» **TASK BRIEF**: In your transcription, keep every record exact and leave out the pictures.

» **RECORD EXCERPTS**:
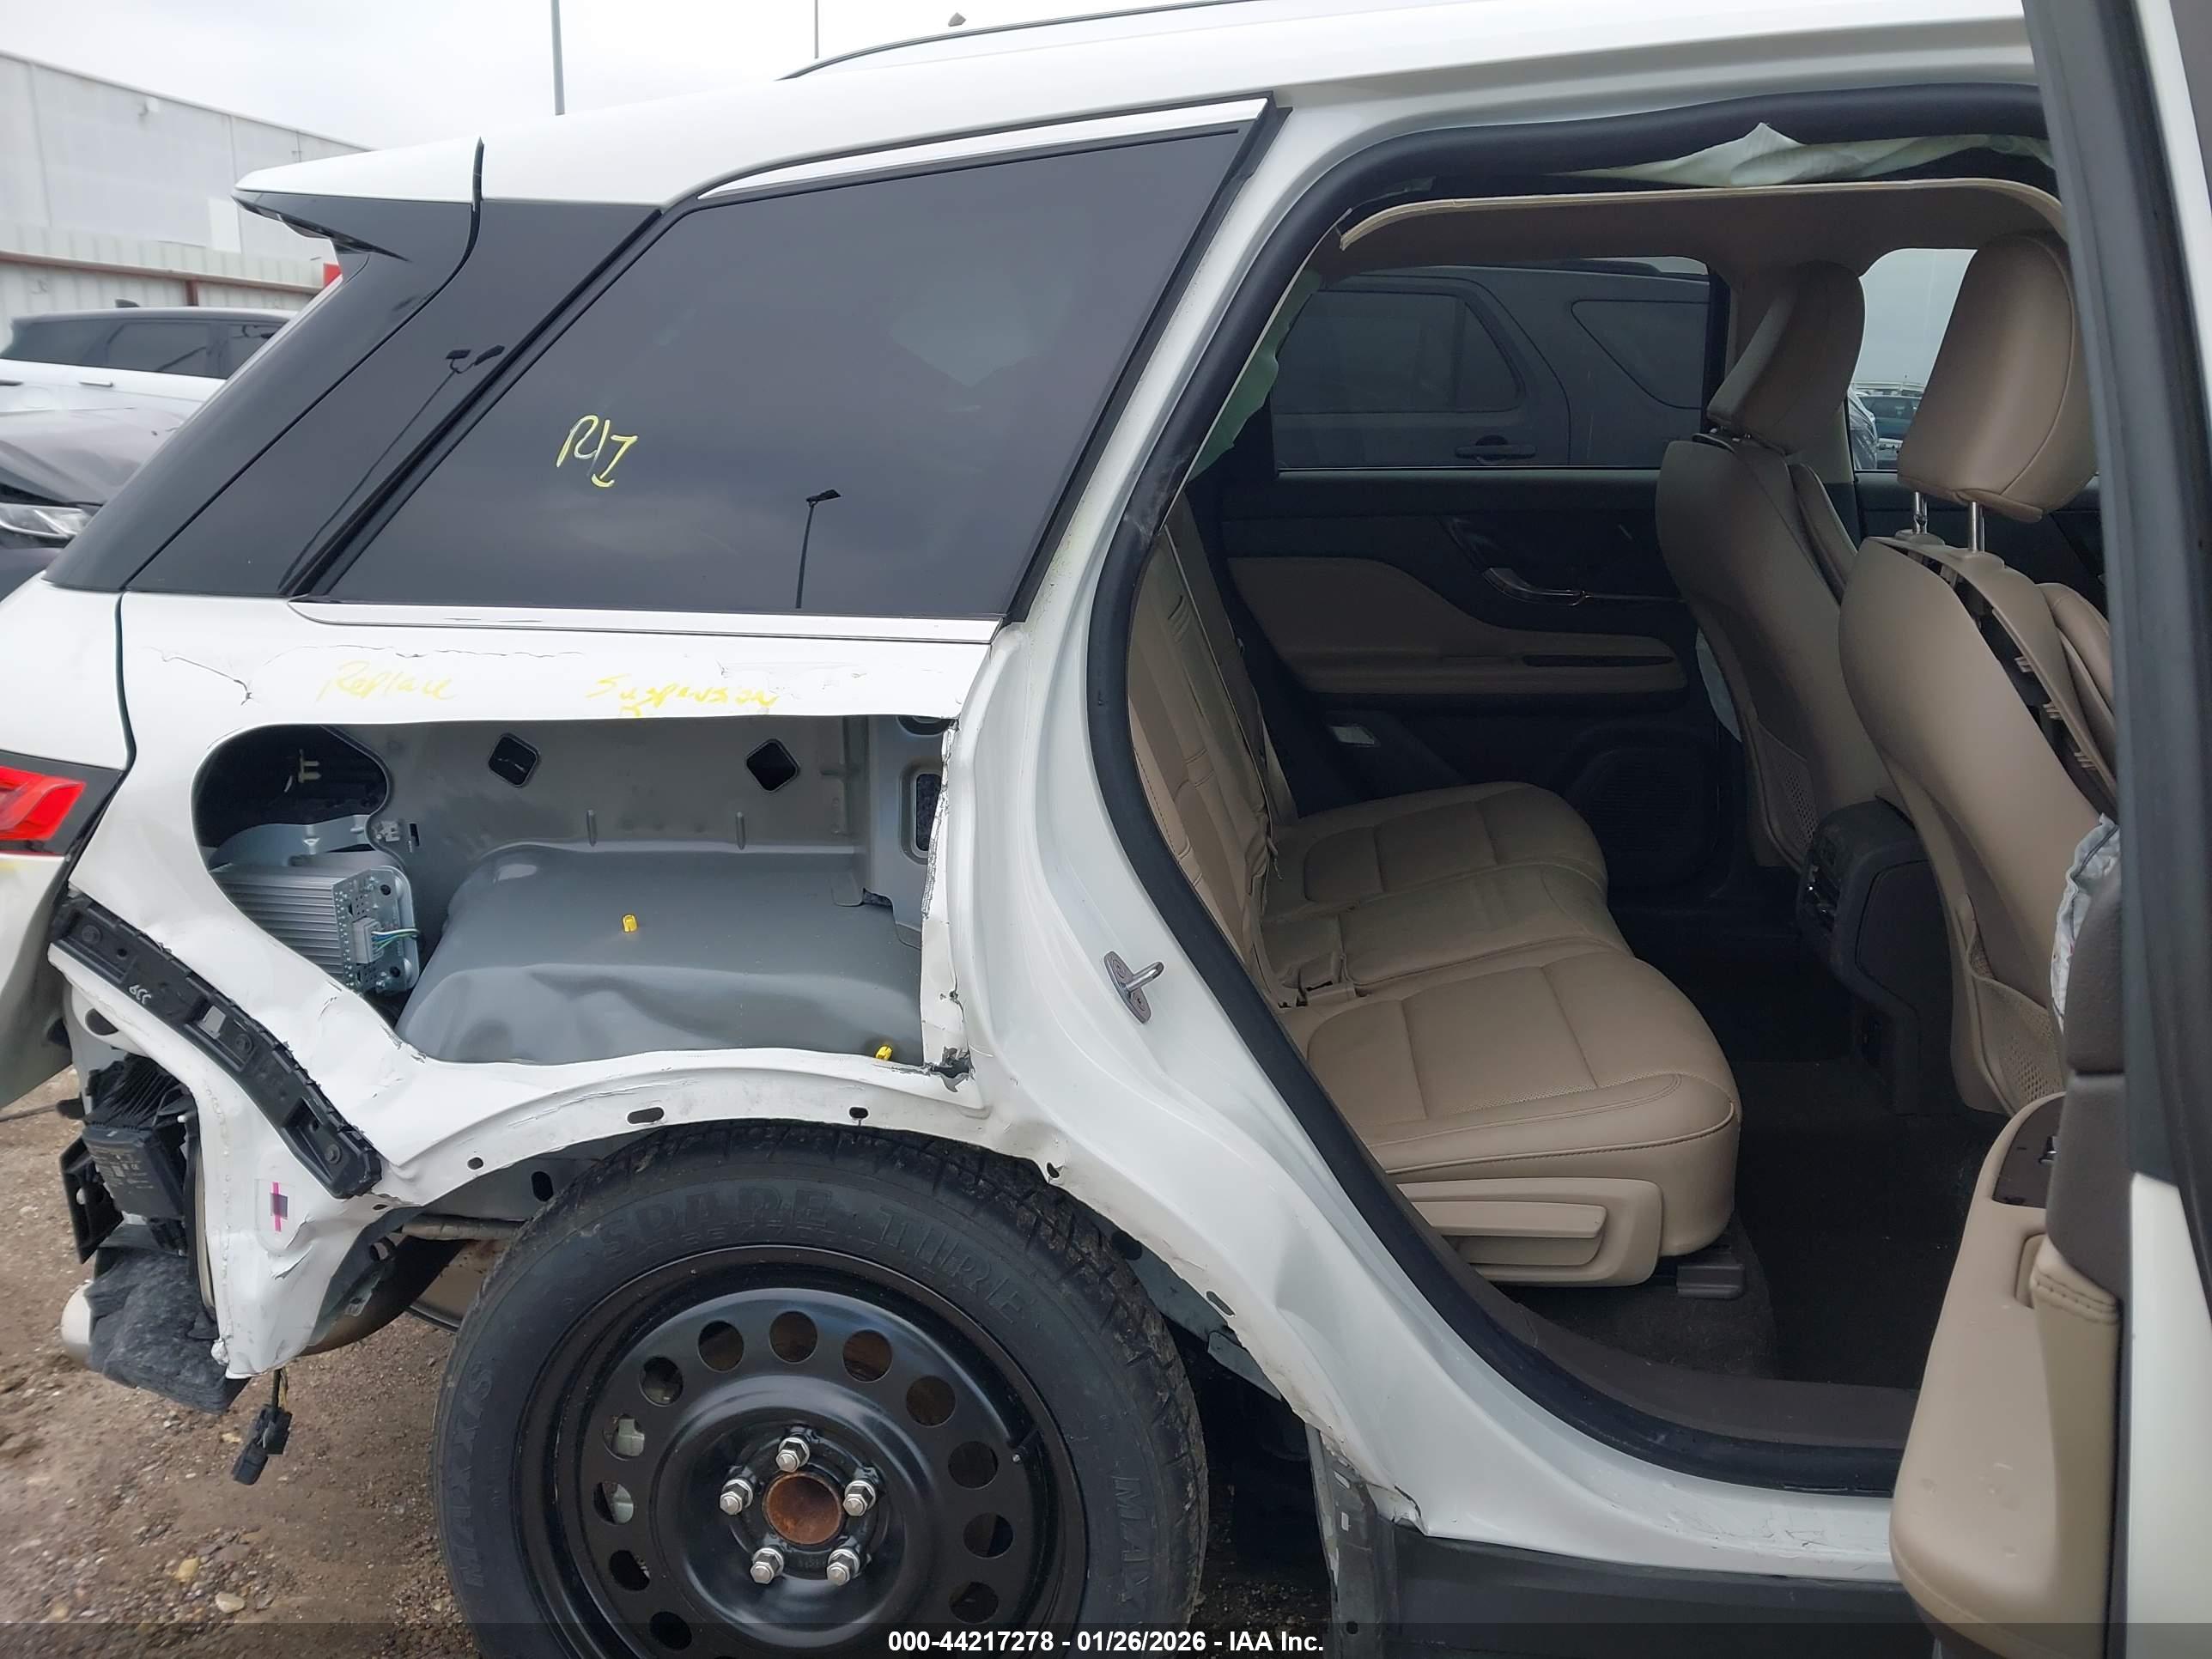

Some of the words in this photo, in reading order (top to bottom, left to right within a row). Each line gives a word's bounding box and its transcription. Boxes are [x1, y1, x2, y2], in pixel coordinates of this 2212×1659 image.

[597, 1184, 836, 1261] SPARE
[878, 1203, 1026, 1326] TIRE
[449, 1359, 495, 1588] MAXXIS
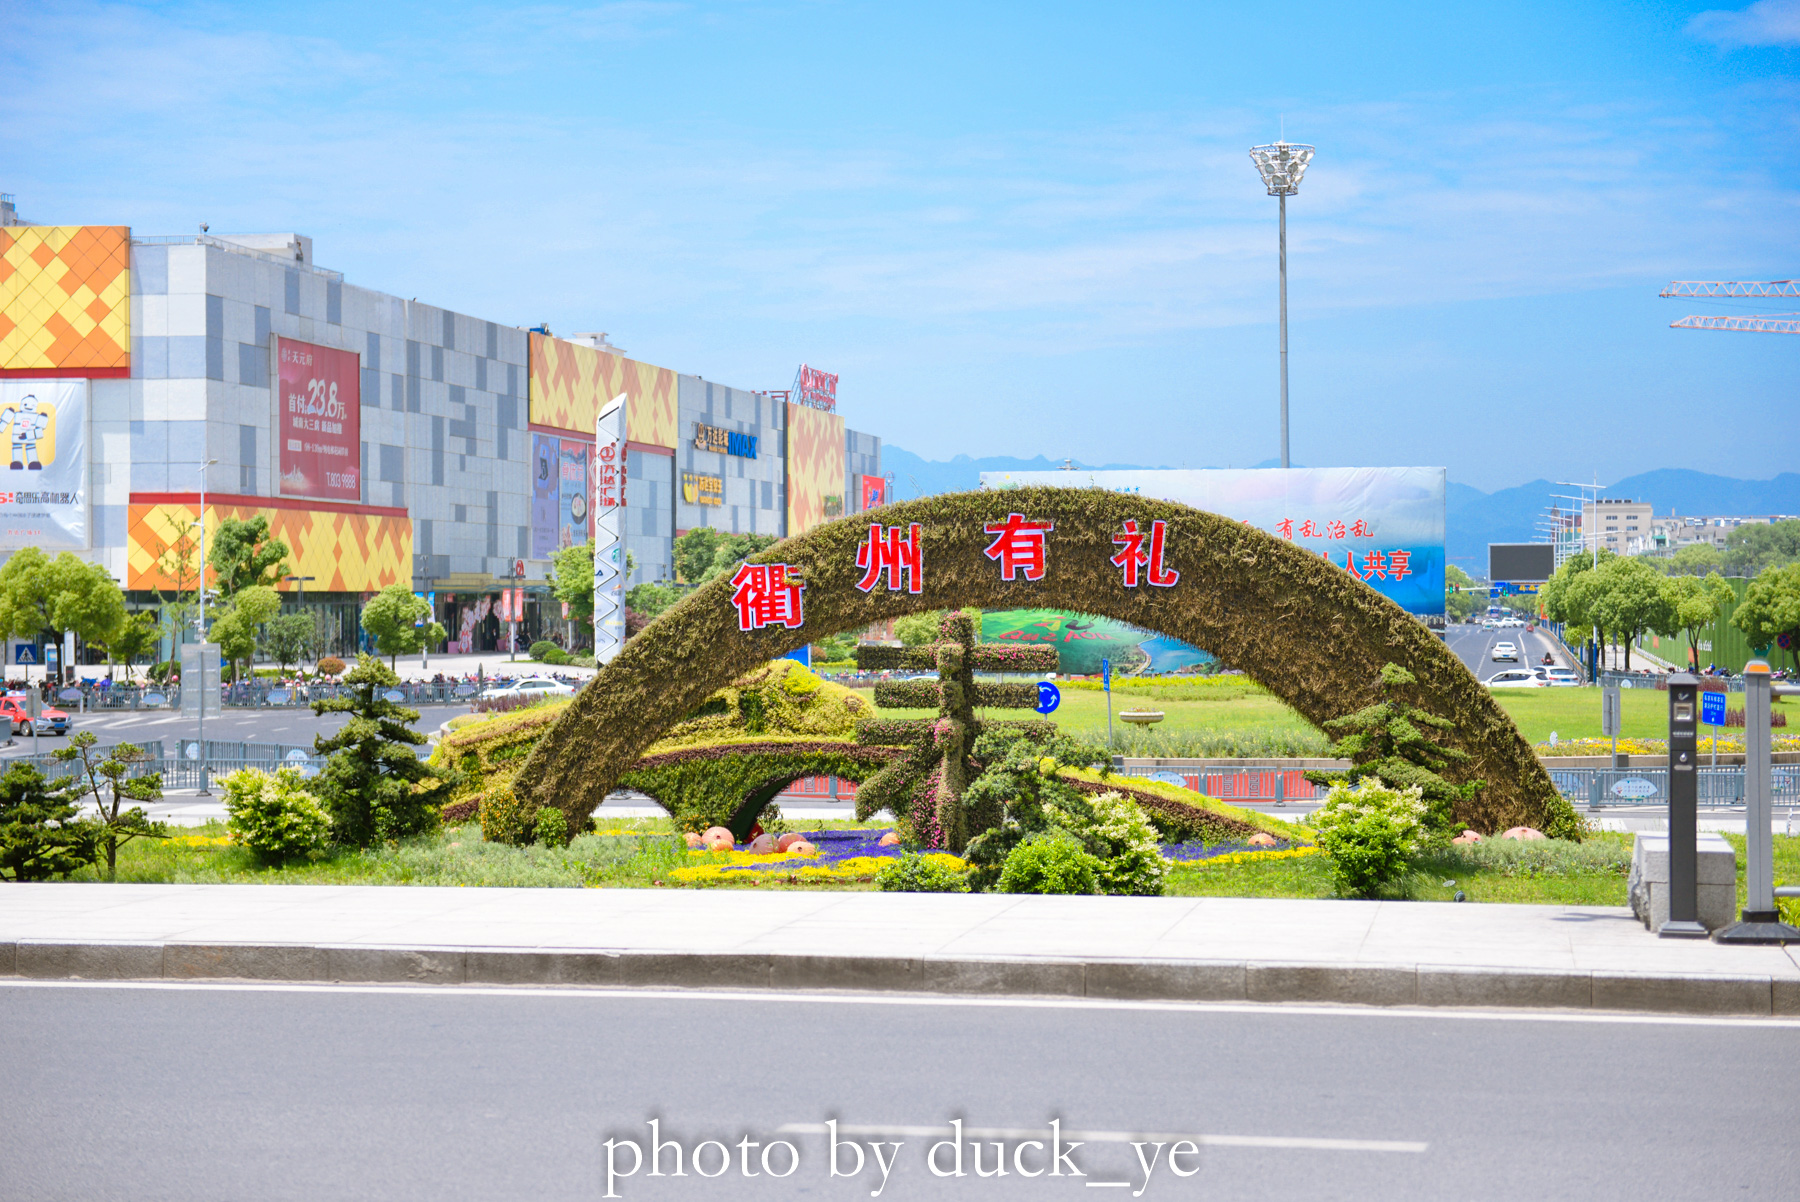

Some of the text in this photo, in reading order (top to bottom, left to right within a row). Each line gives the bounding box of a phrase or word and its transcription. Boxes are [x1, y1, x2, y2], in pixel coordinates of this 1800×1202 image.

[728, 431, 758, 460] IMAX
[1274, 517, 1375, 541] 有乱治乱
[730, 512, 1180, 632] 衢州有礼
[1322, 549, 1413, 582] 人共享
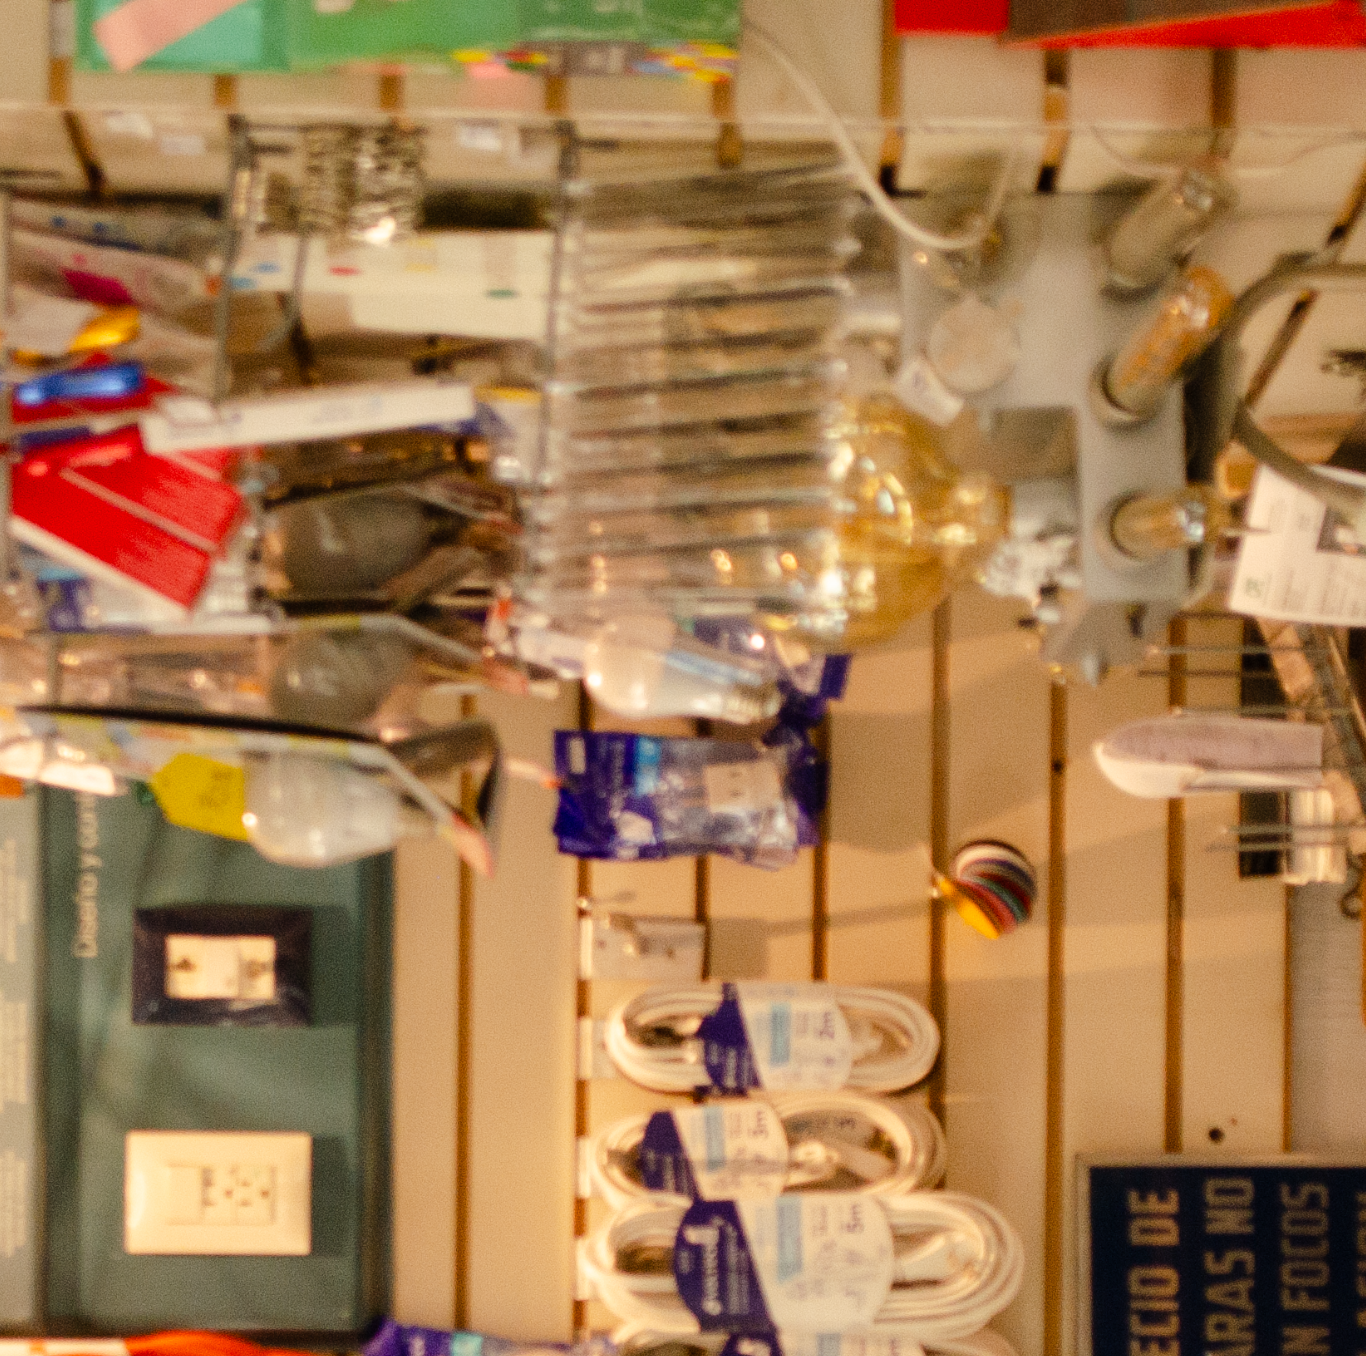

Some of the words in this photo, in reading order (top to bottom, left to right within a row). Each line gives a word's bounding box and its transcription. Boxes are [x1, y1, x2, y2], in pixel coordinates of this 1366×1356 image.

» **ANSWER BOX**:
Some of the words in this photo, in reading order (top to bottom, left to right within a row). Each line gives a word's bounding box and its transcription. Boxes are [x1, y1, x2, y2], in pixel coordinates of this 2212×1659 image.

[597, 1184, 836, 1261] SPARE
[878, 1203, 1026, 1326] TIRE
[449, 1359, 495, 1588] MAXXIS

Some of the text in this photo, in reading order (top to bottom, left to right within a row). Each line gives the bounding box of a phrase or word and its transcription. Boxes are [x1, y1, x2, y2], in pixel coordinates of this 1800×1202 image.

[728, 431, 758, 460] IMAX
[1274, 517, 1375, 541] 有乱治乱
[730, 512, 1180, 632] 衢州有礼
[1322, 549, 1413, 582] 人共享

Some of the words in this photo, in reading order (top to bottom, left to right within a row). Each line gives a word's bounding box and its transcription. Boxes are [x1, y1, x2, y2], in pixel coordinates of this 1366×1356 image.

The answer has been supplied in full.